BRIEF>
An exact transcription of the records is required, minus any images.

[Stored records]
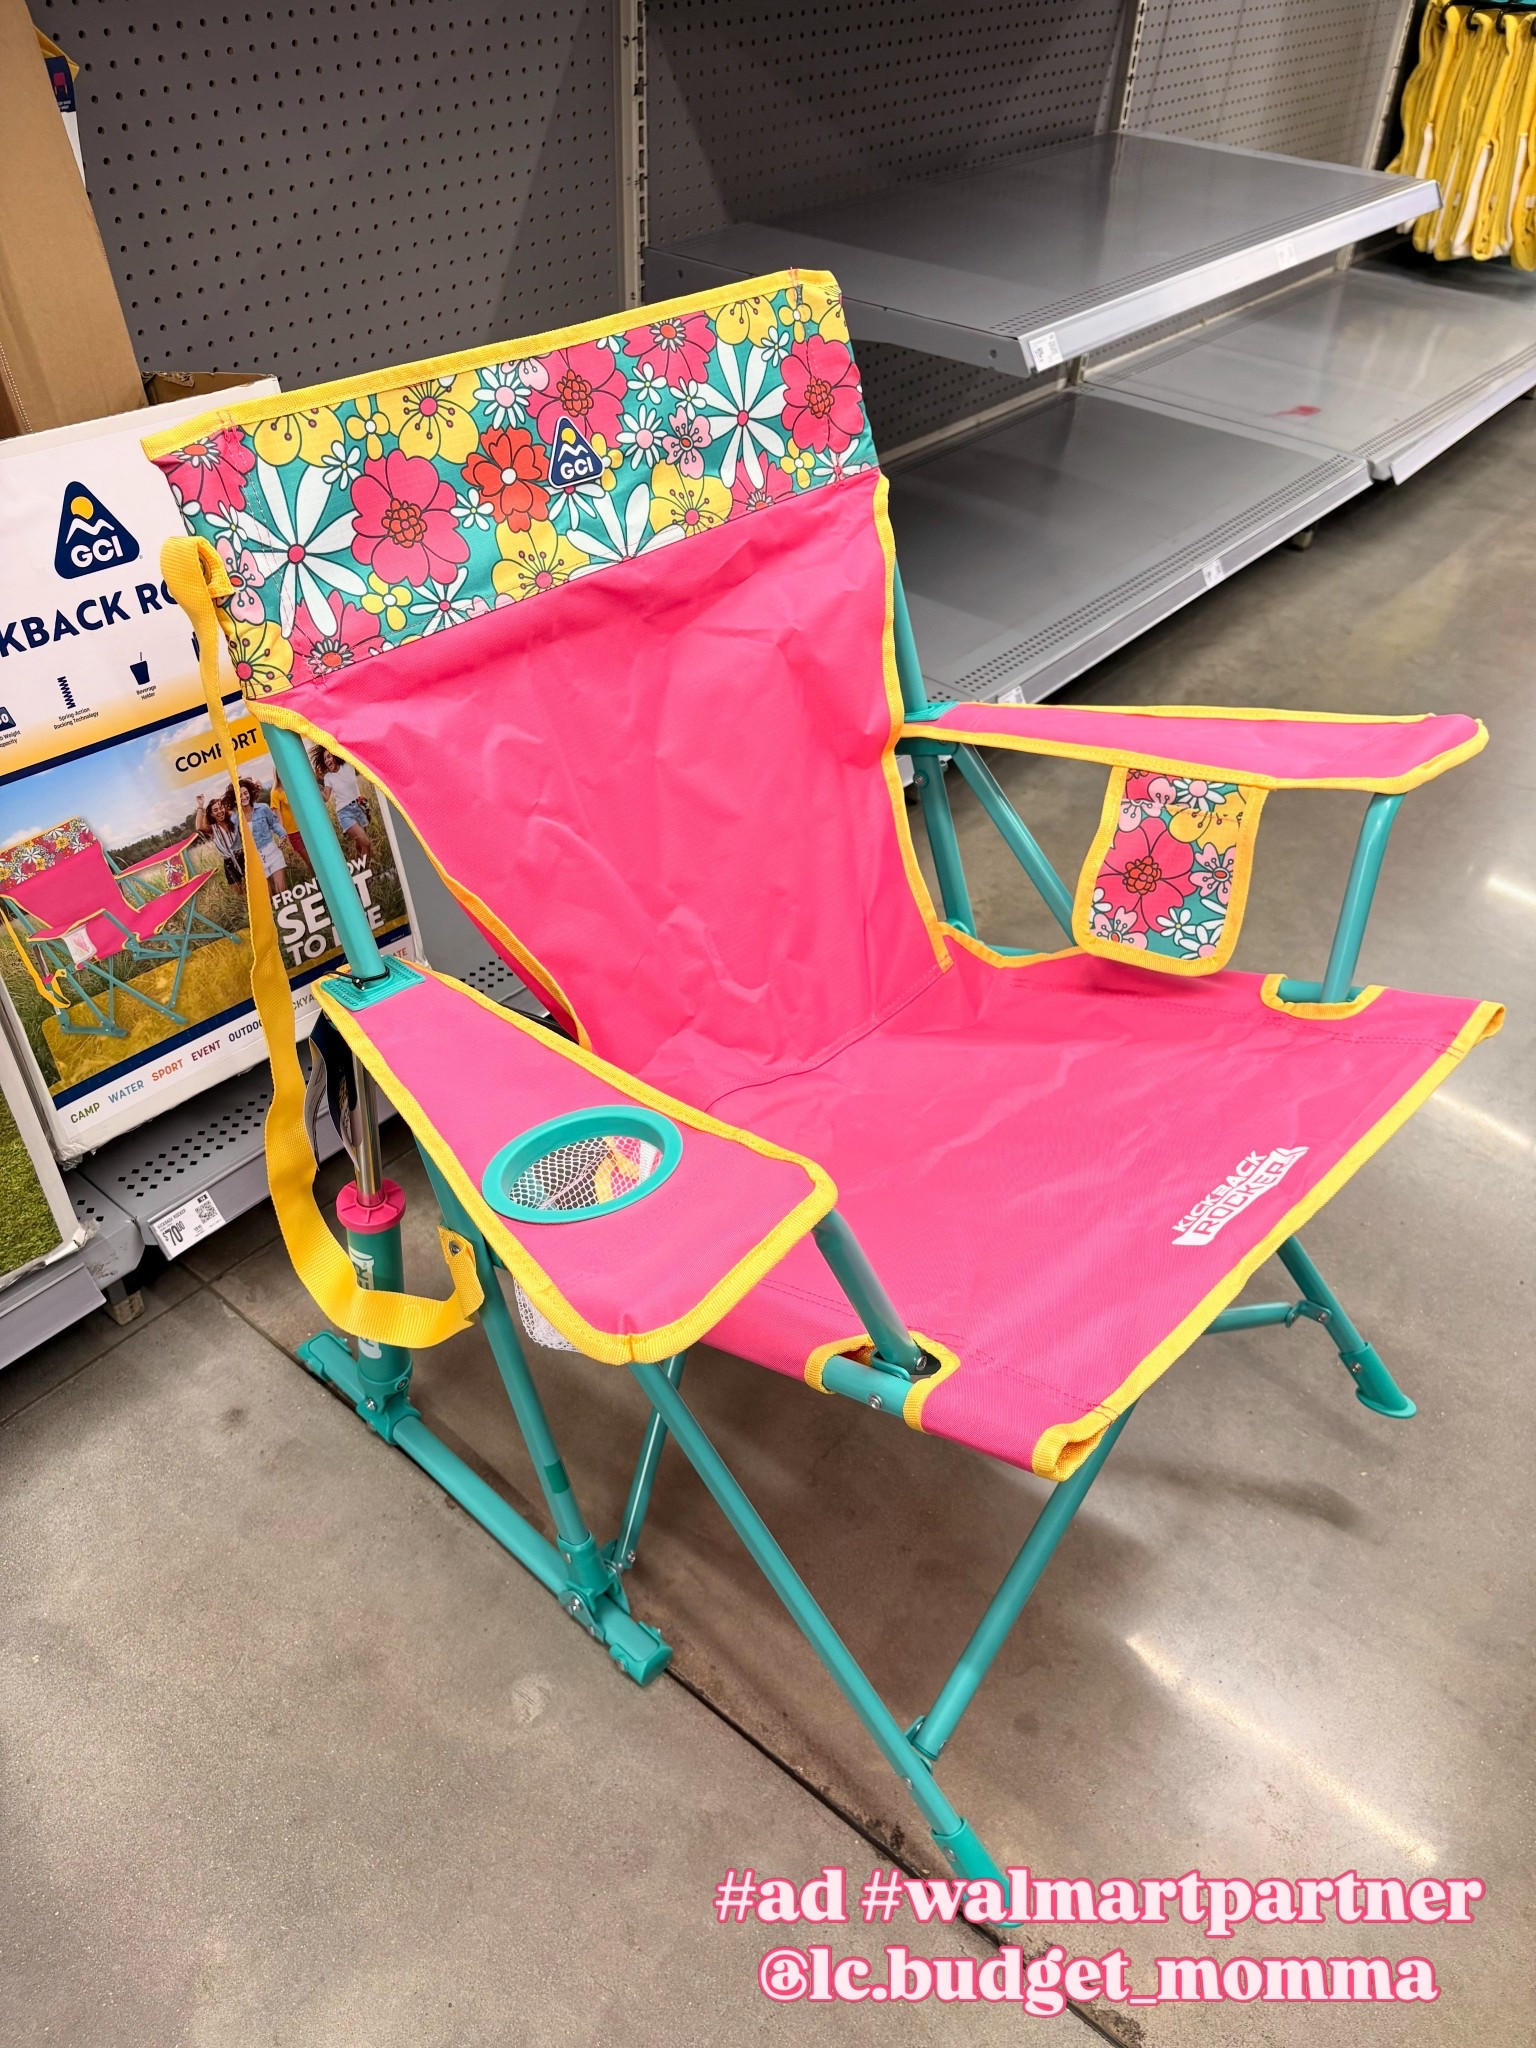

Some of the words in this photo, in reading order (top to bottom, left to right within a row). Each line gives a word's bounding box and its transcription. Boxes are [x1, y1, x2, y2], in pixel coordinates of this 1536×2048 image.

[560, 456, 594, 480] GCI
[70, 535, 124, 568] GCI
[136, 685, 157, 695] Beverage
[141, 692, 155, 700] Holder
[53, 719, 73, 730] Rocking
[73, 711, 99, 724] Technology
[58, 707, 90, 721] Spring-Action
[4, 730, 21, 739] Weight
[272, 877, 320, 910] FRON
[277, 869, 373, 945] SET
[287, 934, 327, 966] TO
[70, 1102, 100, 1124] CAMP
[108, 1080, 144, 1104] WATER
[151, 1059, 184, 1082] SPORT
[191, 1040, 222, 1062] EVENT
[1171, 1150, 1268, 1233] KICKBACK
[1193, 1160, 1286, 1236] ROCKER
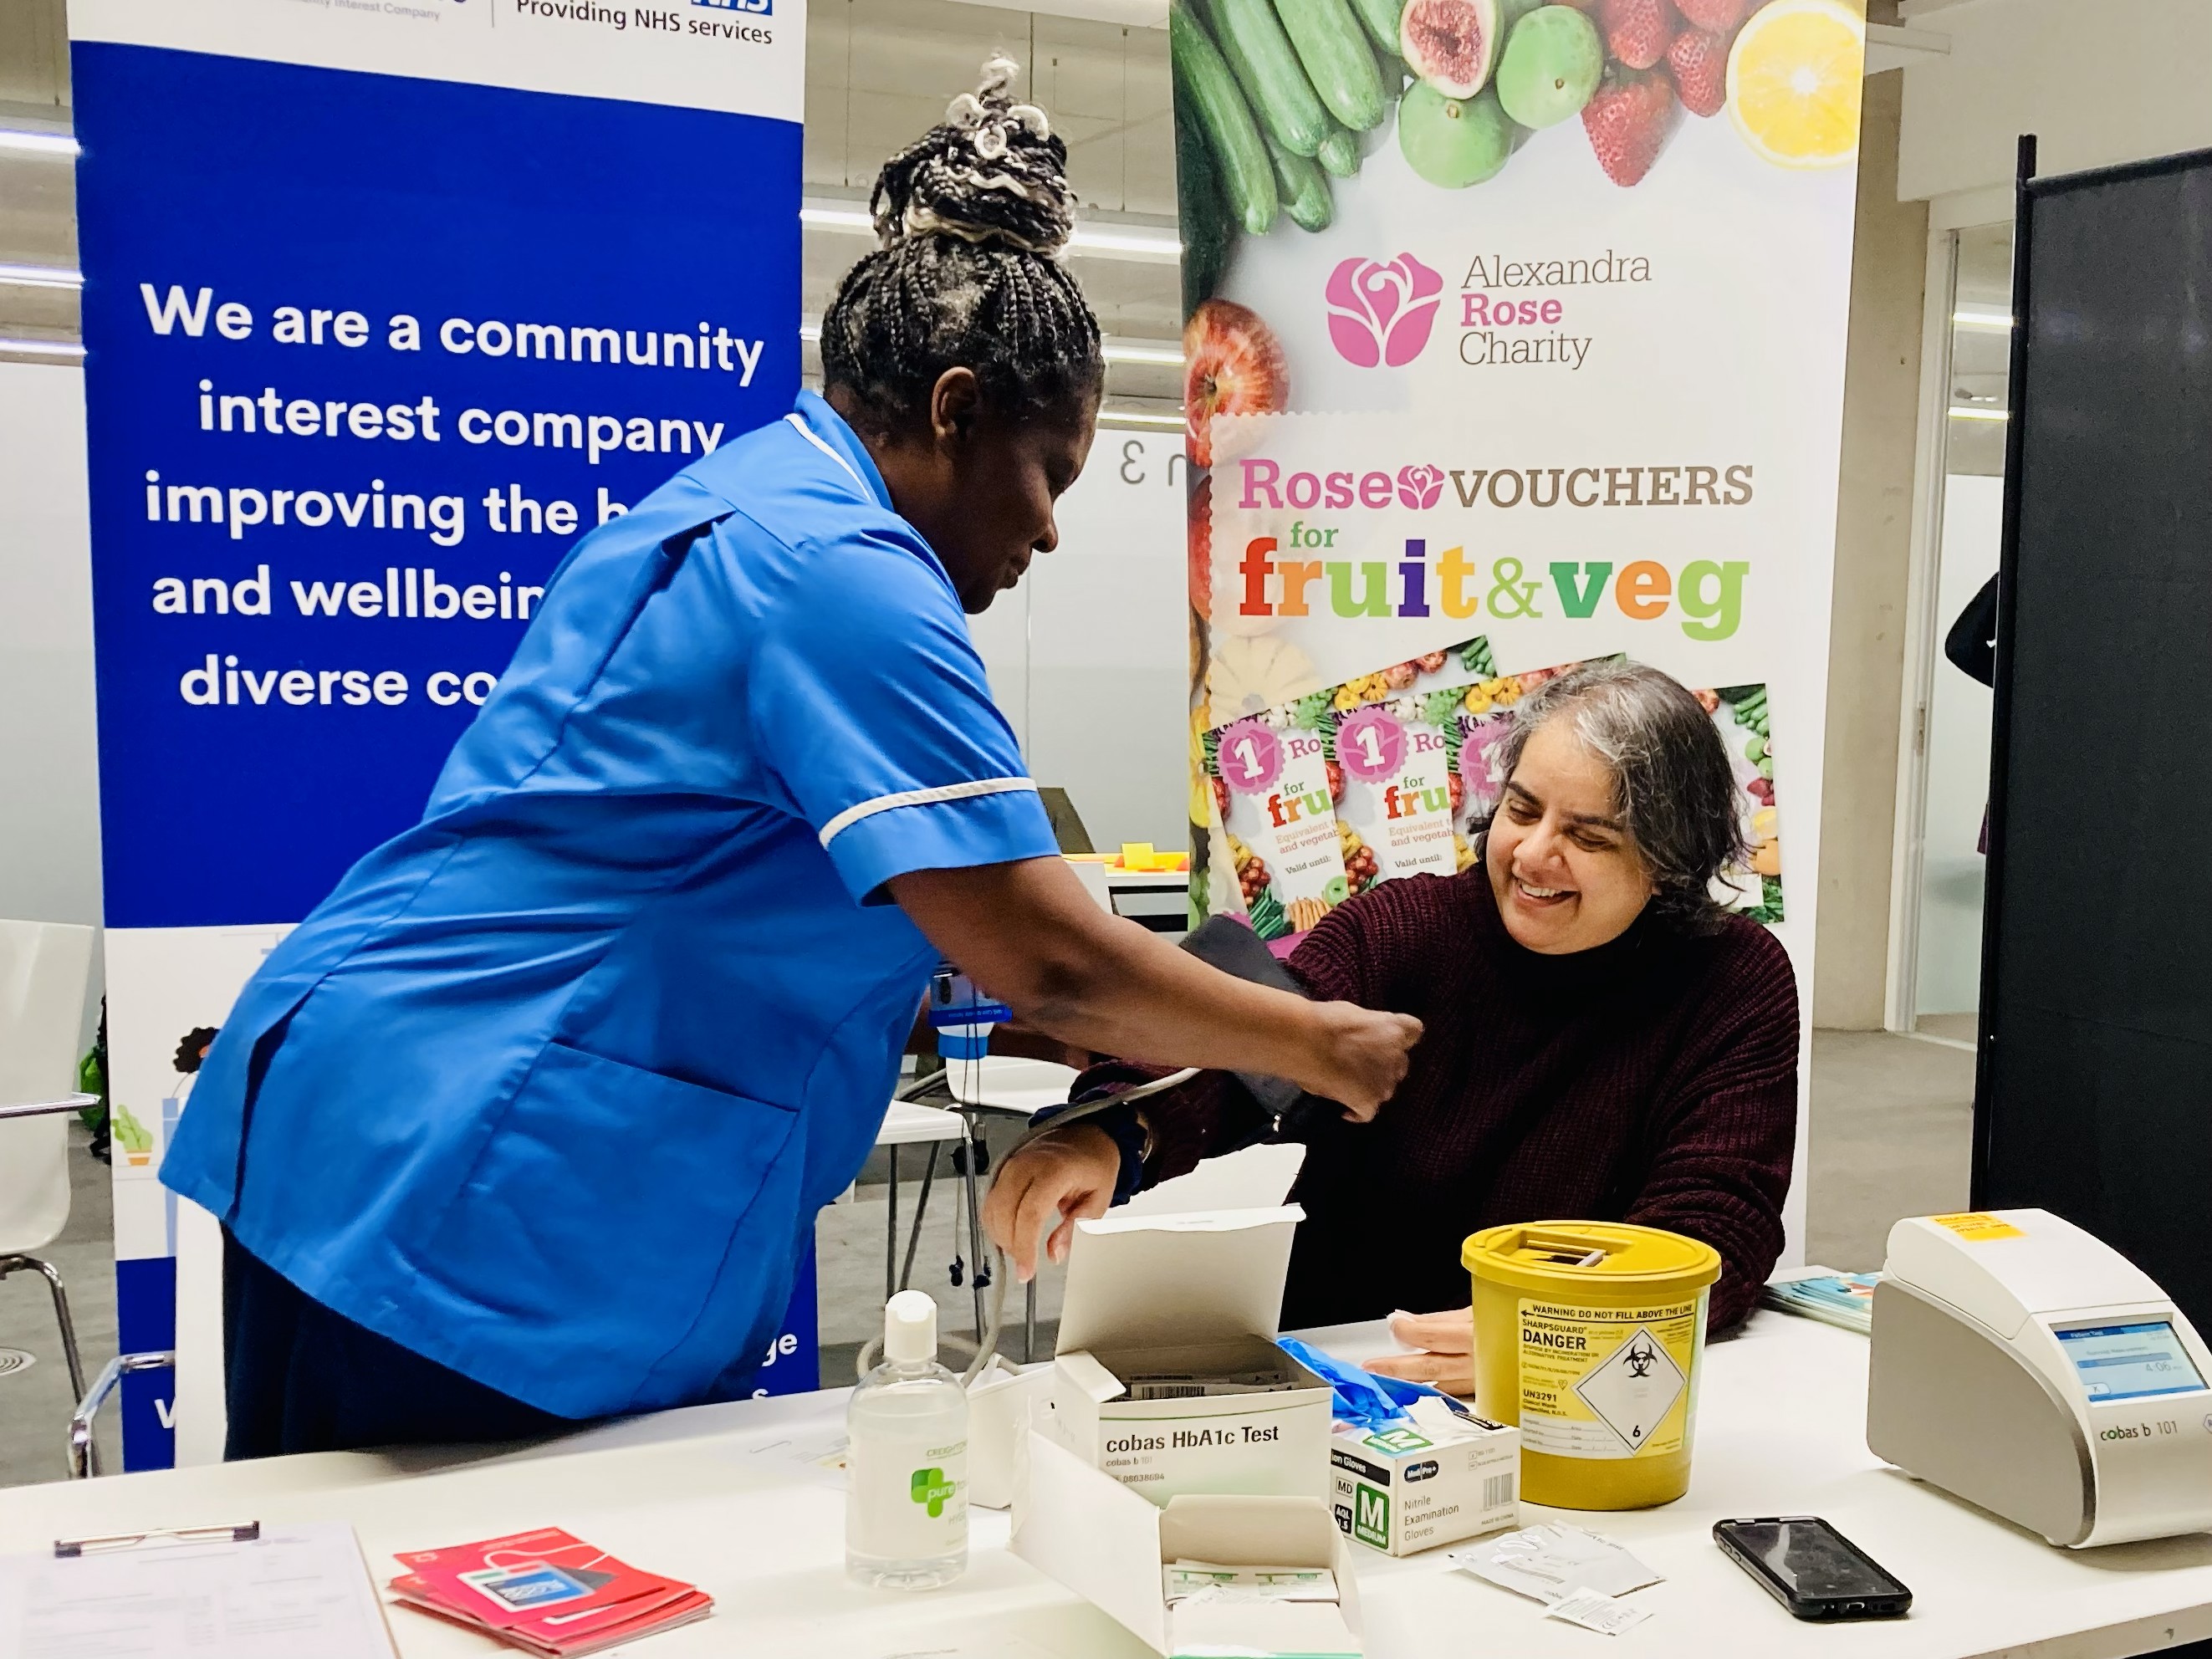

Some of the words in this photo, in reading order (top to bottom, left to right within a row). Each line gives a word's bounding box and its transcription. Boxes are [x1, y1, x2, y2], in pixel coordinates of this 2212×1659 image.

SOLUTION TO THE EXERCISE>
Some of the words in this photo, in reading order (top to bottom, left to right within a row). Each line gives a word's bounding box and its transcription. Boxes are [x1, y1, x2, y2], in pixel coordinates of this 1536×2048 image.

[560, 456, 594, 480] GCI
[70, 535, 124, 568] GCI
[136, 685, 157, 695] Beverage
[141, 692, 155, 700] Holder
[53, 719, 73, 730] Rocking
[73, 711, 99, 724] Technology
[58, 707, 90, 721] Spring-Action
[4, 730, 21, 739] Weight
[272, 877, 320, 910] FRON
[277, 869, 373, 945] SET
[287, 934, 327, 966] TO
[70, 1102, 100, 1124] CAMP
[108, 1080, 144, 1104] WATER
[151, 1059, 184, 1082] SPORT
[191, 1040, 222, 1062] EVENT
[1171, 1150, 1268, 1233] KICKBACK
[1193, 1160, 1286, 1236] ROCKER

Some of the words in this photo, in reading order (top to bottom, left to right within a row). Each line gives a word's bounding box and its transcription. Boxes are [x1, y1, x2, y2], in pixel coordinates of this 2212×1659 image.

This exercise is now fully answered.